Venezuela: «l’état d’exception» rejeté par les députés

venezuela_nicolas_maduroVendredi dernier, Nicolas Maduro avait décrété « l’état d’exception et d’urgence économique ». Une décision prise pour lutter contre la crise économique, selon le pouvoir. Il s’agissait en fait d’un prolongement puisqu’en février dernier, Nicolas Maduro avait déjà décrété « l’urgence économique » au Venezuela. Des membres de l’opposition y voient le risque « d’interventions », voire même de « militarisation » des entreprises du pays. Le texte était débattu ce mardi dans l’hémicycle et l’Assemblée nationale a voté contre.

C’est sans surprise que les députés ont dit non à ce décret.
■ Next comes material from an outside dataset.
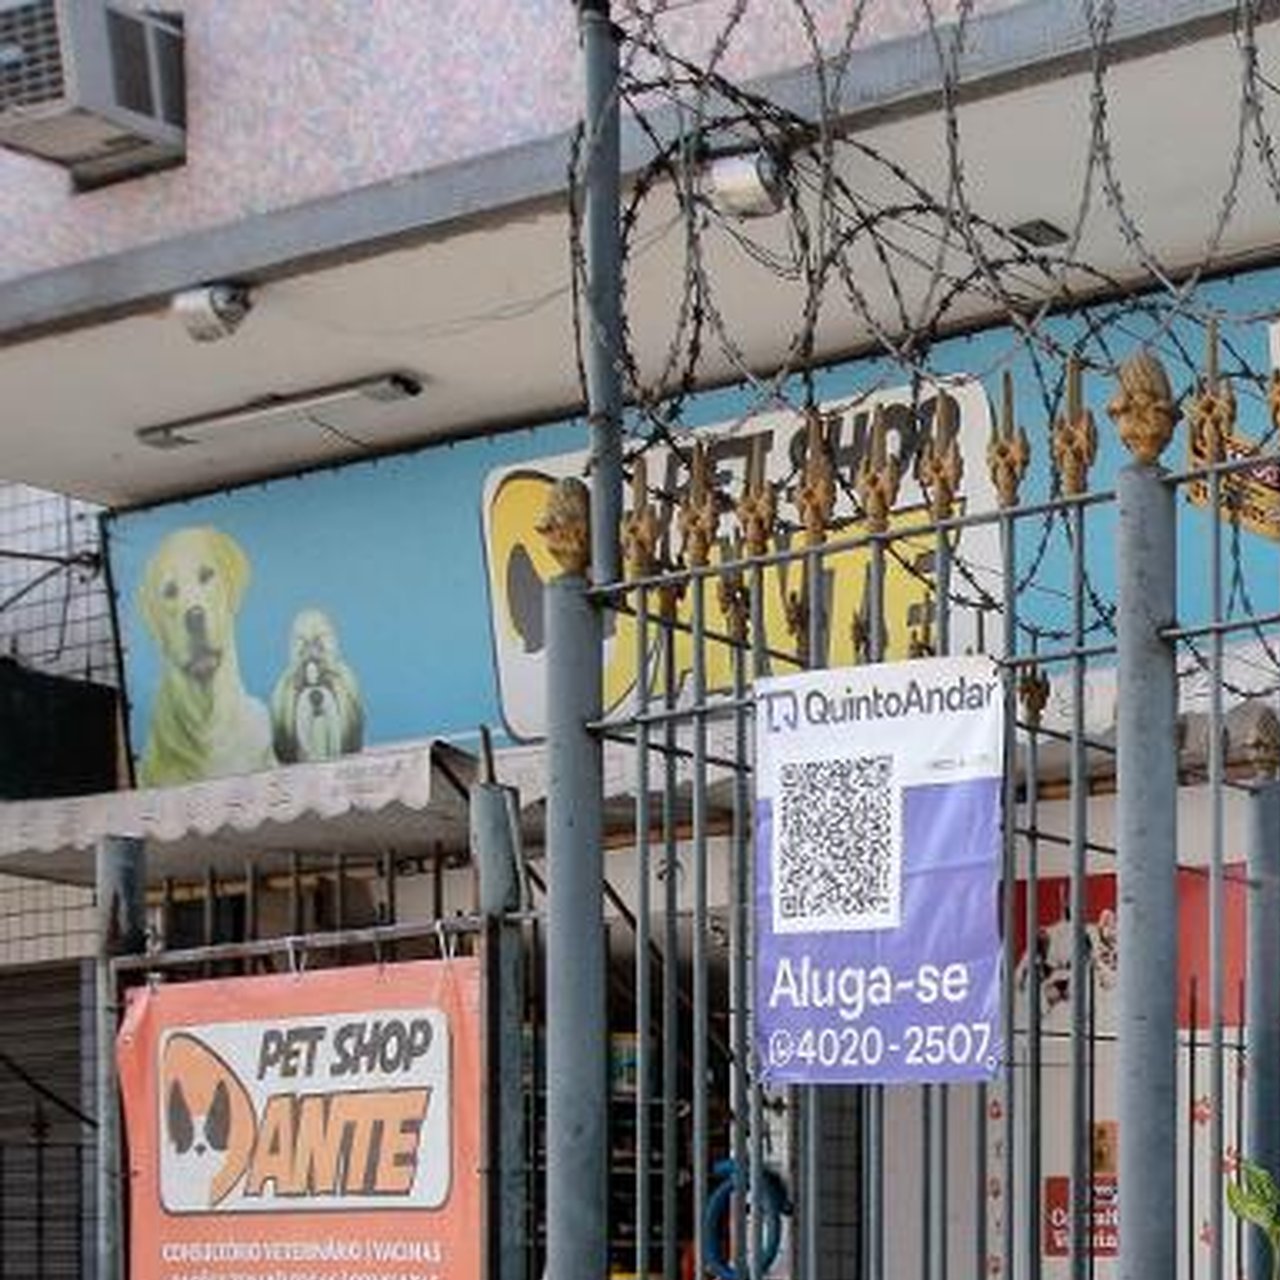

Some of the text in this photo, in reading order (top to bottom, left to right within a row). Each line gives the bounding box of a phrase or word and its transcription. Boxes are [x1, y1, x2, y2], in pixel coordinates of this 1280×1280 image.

[804, 676, 999, 729] QuintoAndar
[769, 957, 970, 1021] Aluga-se
[257, 1017, 435, 1081] PET SHOP
L’opposition est majoritaire à l’Assemblée nationale depuis les législatives de décembre dernier, et on se rappelle qu’elle avait déjà voté contre « l’urgence économique » décrétée par le président en février dernier.
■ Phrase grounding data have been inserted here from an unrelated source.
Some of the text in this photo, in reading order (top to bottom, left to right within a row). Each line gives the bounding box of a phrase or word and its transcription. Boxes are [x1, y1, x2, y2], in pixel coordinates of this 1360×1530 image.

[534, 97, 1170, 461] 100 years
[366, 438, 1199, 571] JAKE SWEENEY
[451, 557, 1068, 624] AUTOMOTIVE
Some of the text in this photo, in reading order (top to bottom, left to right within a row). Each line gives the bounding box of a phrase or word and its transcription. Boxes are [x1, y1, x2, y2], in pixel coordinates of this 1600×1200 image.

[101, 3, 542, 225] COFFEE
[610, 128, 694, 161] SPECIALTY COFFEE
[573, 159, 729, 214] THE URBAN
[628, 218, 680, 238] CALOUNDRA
Motif du refus dans l’hémicycle ce mardi : « L’état d’exception est contraire à la Constitution », selon les députés d’opposition.

Le plus offensif en ce moment, c’est Henrique Capriles, qui n’est pas député mais l’ex-adversaire de Nicolas Maduro à l’élection présidentielle : « Ce décret se prête à toutes les interprétations. Si Maduro veut l’appliquer, il a intérêt à préparer les chars et sortir ses avions de guerre, parce qu’il sera obligé de l’appliquer par la force. » Capriles appelle en outre les Vénézuéliens à désobéir à ce décret et lance un défi aux forces armées qui doivent choisir « entre la Constitution et Nicolas Maduro ».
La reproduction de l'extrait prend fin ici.